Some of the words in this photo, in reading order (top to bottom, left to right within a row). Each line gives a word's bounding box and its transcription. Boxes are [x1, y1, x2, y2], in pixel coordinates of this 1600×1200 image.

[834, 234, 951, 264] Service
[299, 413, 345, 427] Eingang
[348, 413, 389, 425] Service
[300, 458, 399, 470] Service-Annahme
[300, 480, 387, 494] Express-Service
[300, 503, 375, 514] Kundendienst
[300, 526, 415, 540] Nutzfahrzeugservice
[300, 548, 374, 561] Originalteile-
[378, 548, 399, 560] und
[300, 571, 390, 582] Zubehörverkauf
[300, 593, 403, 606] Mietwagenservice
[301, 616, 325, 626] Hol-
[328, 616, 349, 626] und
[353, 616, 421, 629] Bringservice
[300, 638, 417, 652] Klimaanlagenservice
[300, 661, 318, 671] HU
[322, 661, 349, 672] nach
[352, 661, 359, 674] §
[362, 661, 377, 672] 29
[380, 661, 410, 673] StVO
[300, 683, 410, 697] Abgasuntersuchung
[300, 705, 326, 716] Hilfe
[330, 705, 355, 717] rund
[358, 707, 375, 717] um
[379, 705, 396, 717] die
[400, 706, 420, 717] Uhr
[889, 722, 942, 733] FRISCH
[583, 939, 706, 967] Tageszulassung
----
PROBLEM TO SOLVE - With nothing added or dropped, write out every entry.

TASK ANSWER -
Some of the words in this photo, in reading order (top to bottom, left to right within a row). Each line gives a word's bounding box and its transcription. Boxes are [x1, y1, x2, y2], in pixel coordinates of this 1600×1200 image.

[834, 234, 951, 264] Service
[299, 413, 345, 427] Eingang
[348, 413, 389, 425] Service
[300, 458, 399, 470] Service-Annahme
[300, 480, 387, 494] Express-Service
[300, 503, 375, 514] Kundendienst
[300, 526, 415, 540] Nutzfahrzeugservice
[300, 548, 374, 561] Originalteile-
[378, 548, 399, 560] und
[300, 571, 390, 582] Zubehörverkauf
[300, 593, 403, 606] Mietwagenservice
[301, 616, 325, 626] Hol-
[328, 616, 349, 626] und
[353, 616, 421, 629] Bringservice
[300, 638, 417, 652] Klimaanlagenservice
[300, 661, 318, 671] HU
[322, 661, 349, 672] nach
[352, 661, 359, 674] §
[362, 661, 377, 672] 29
[380, 661, 410, 673] StVO
[300, 683, 410, 697] Abgasuntersuchung
[300, 705, 326, 716] Hilfe
[330, 705, 355, 717] rund
[358, 707, 375, 717] um
[379, 705, 396, 717] die
[400, 706, 420, 717] Uhr
[889, 722, 942, 733] FRISCH
[583, 939, 706, 967] Tageszulassung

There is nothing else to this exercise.